- Information shown -
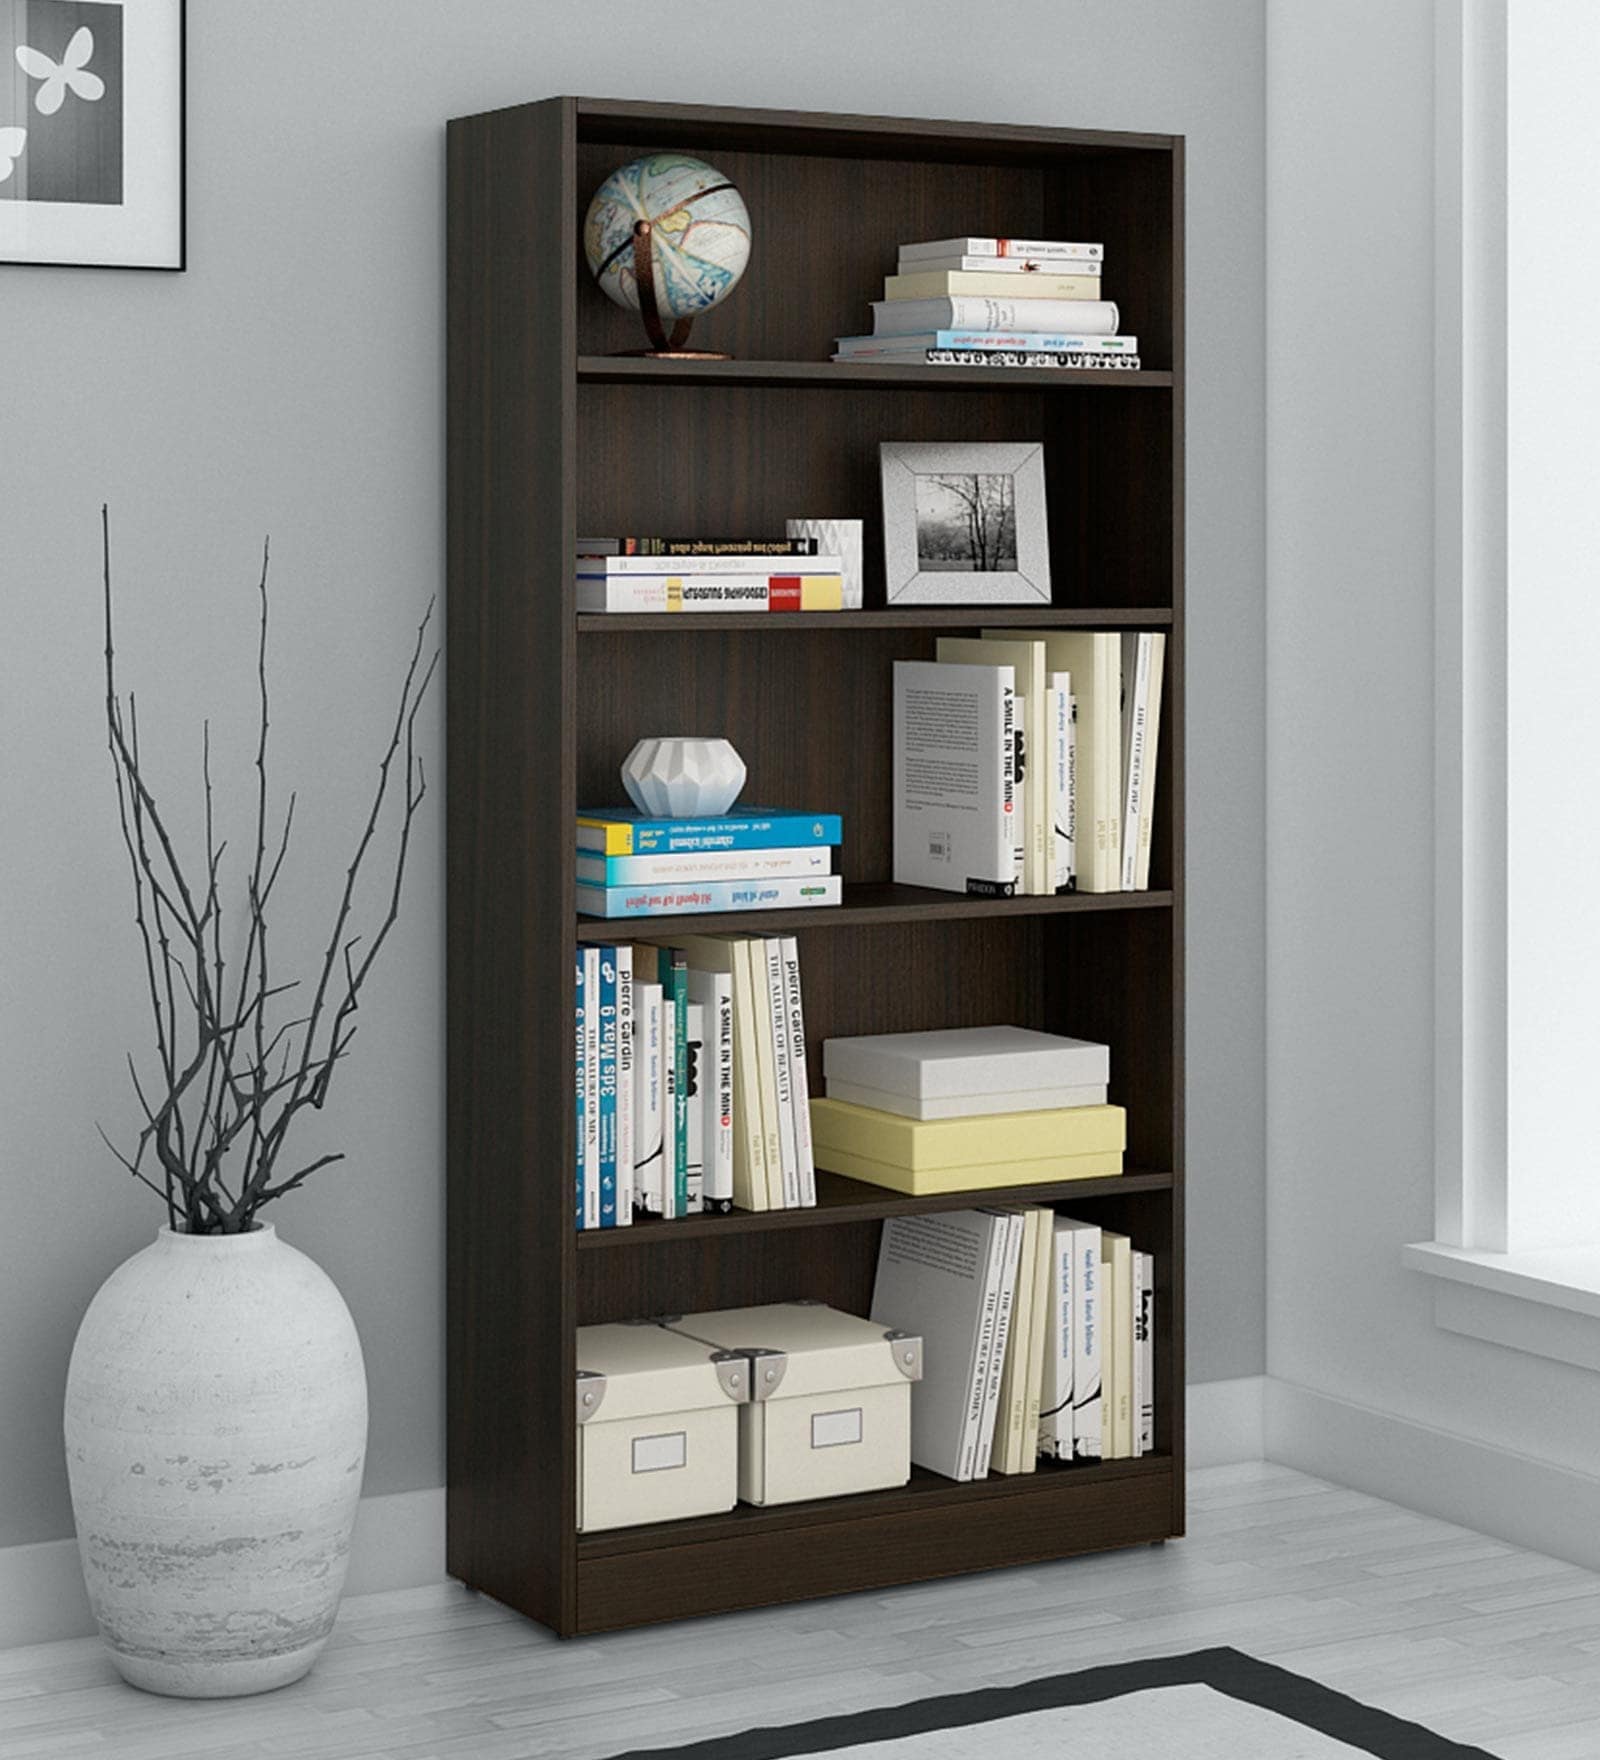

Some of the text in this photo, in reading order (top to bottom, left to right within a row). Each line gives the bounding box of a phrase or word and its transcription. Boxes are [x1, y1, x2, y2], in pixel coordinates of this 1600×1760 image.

[1004, 687, 1014, 696] A
[1004, 700, 1014, 735] SMILE
[1004, 739, 1013, 750] IN
[1004, 755, 1013, 777] THE
[1003, 780, 1013, 813] MIND
[720, 996, 731, 1005] A
[786, 961, 804, 1058] pierre cardin
[619, 970, 633, 1071] pierre cardin
[720, 1008, 731, 1045] SMILE
[770, 955, 790, 1104] THE ALLURE OF BEAUTY
[588, 1029, 597, 1050] THE
[601, 1006, 616, 1097] 3ds Max 9
[720, 1049, 731, 1063] IN
[720, 1066, 731, 1089] THE
[588, 1101, 597, 1115] OF
[720, 1092, 731, 1127] MIND
[588, 1118, 597, 1145] MEN
[971, 1291, 997, 1421] THE ALLURE OF WOMEN
[988, 1291, 1011, 1400] THE ALLURE OF MEN

- Exercise objective -
Repeat the listing word for word, and skip every picture it contains.

- Problem solution -
Some of the text in this photo, in reading order (top to bottom, left to right within a row). Each line gives the bounding box of a phrase or word and its transcription. Boxes are [x1, y1, x2, y2], in pixel coordinates of this 1600×1760 image.

[1004, 687, 1014, 696] A
[1004, 700, 1014, 735] SMILE
[1004, 739, 1013, 750] IN
[1004, 755, 1013, 777] THE
[1003, 780, 1013, 813] MIND
[720, 996, 731, 1005] A
[786, 961, 804, 1058] pierre cardin
[619, 970, 633, 1071] pierre cardin
[720, 1008, 731, 1045] SMILE
[770, 955, 790, 1104] THE ALLURE OF BEAUTY
[588, 1029, 597, 1050] THE
[601, 1006, 616, 1097] 3ds Max 9
[720, 1049, 731, 1063] IN
[720, 1066, 731, 1089] THE
[588, 1101, 597, 1115] OF
[720, 1092, 731, 1127] MIND
[588, 1118, 597, 1145] MEN
[971, 1291, 997, 1421] THE ALLURE OF WOMEN
[988, 1291, 1011, 1400] THE ALLURE OF MEN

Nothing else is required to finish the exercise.